Tag: future of statistics


The bright future of applied statistics

In 2013, the Committee of Presidents of Statistical Societies (COPSS) celebrates its 50th Anniversary. As part of its celebration, COPSS will publish a book, with contributions from past recipients of its awards, titled “Past, Present and Future of Statistical Science". Below is my contribution titled The bright future of applied statistics.

When I was asked to contribute to this issue, titled Past, Present, and Future of Statistical Science, I contemplated my career while deciding what to write about. One aspect that stood out was how much I benefited from the right circumstances. I came to one clear conclusion: it is a great time to be an applied statistician. I decided to describe the aspects of my career that I have thoroughly enjoyed in the past and present and explain why I this has led me to believe that the future is bright for applied statisticians.

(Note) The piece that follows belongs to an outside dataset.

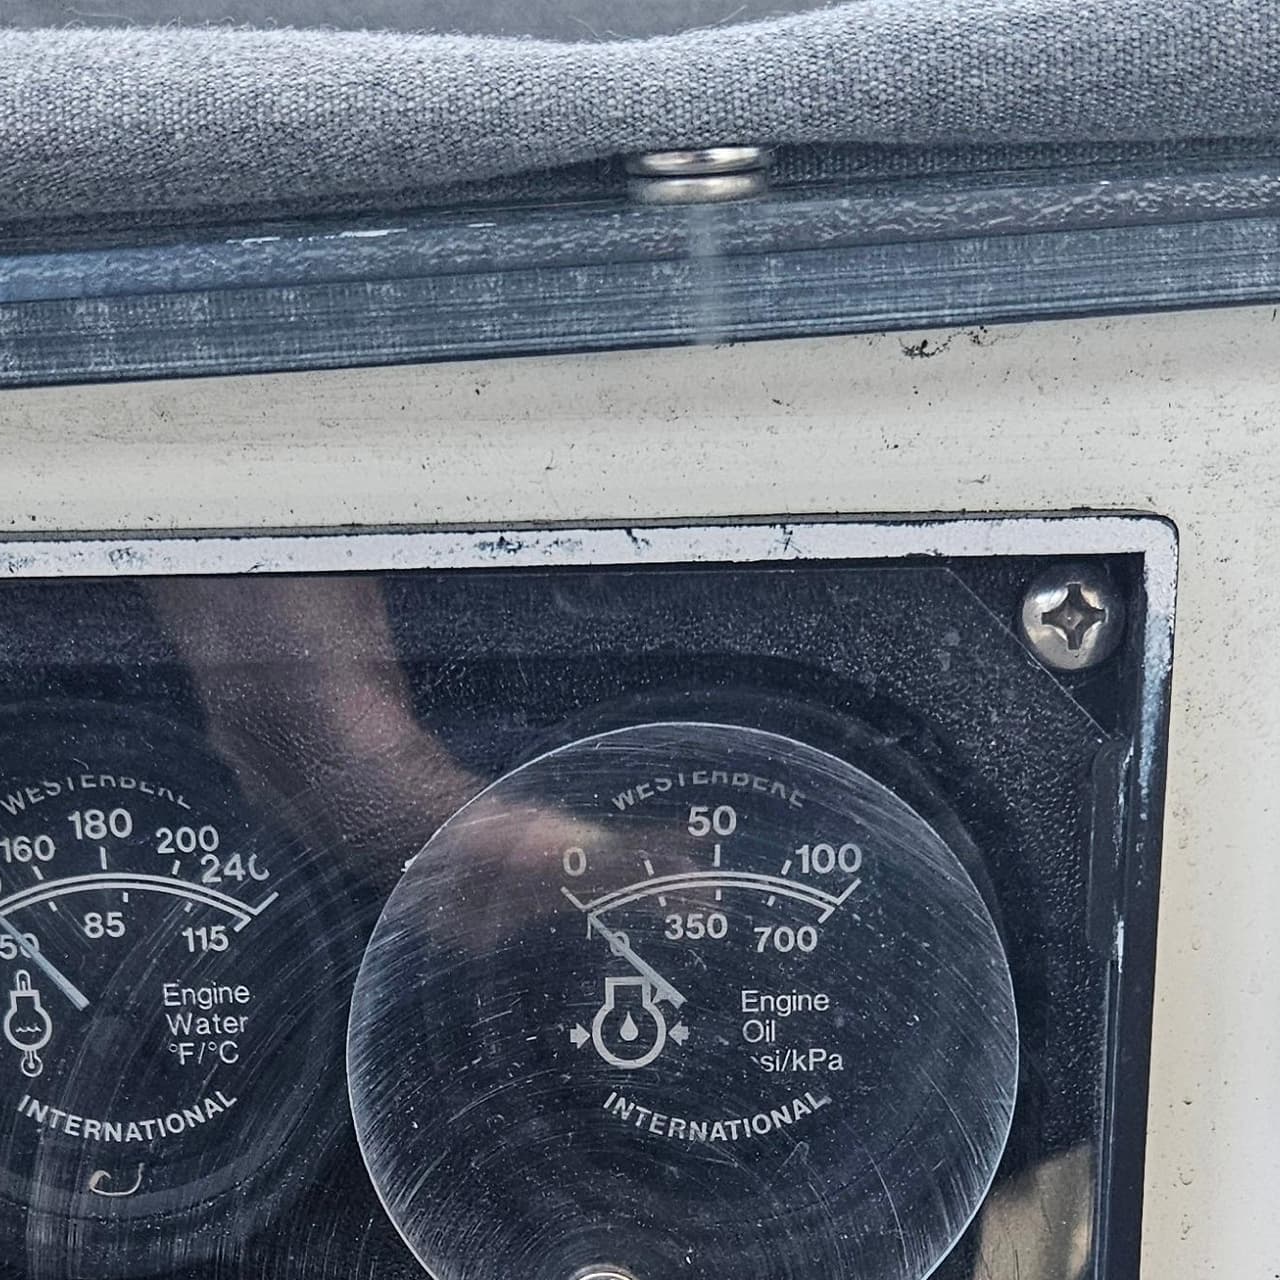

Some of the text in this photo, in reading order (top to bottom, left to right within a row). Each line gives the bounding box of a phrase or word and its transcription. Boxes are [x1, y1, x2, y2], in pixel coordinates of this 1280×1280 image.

I became an applied statistician while working with David Brillinger on my PhD thesis. When searching for an advisor I visited several professors and asked them about their interests. David asked me what I liked and all I came up with was "I don't know. Music?", to which he responded "That's what we will work on". Apart from the necessary theorems to get a PhD from the Statistics Department at Berkeley, my thesis summarized my collaborative work with researchers at the Center for New Music and Audio Technology. The work
involved separating and parameterizing the harmonic and non-harmonic components of musical sound signals [5]. The sounds had been digitized into data. The work was indeed fun, but I also had my first glimpse into the incredible potential of statistics in a world becoming more and more data-driven.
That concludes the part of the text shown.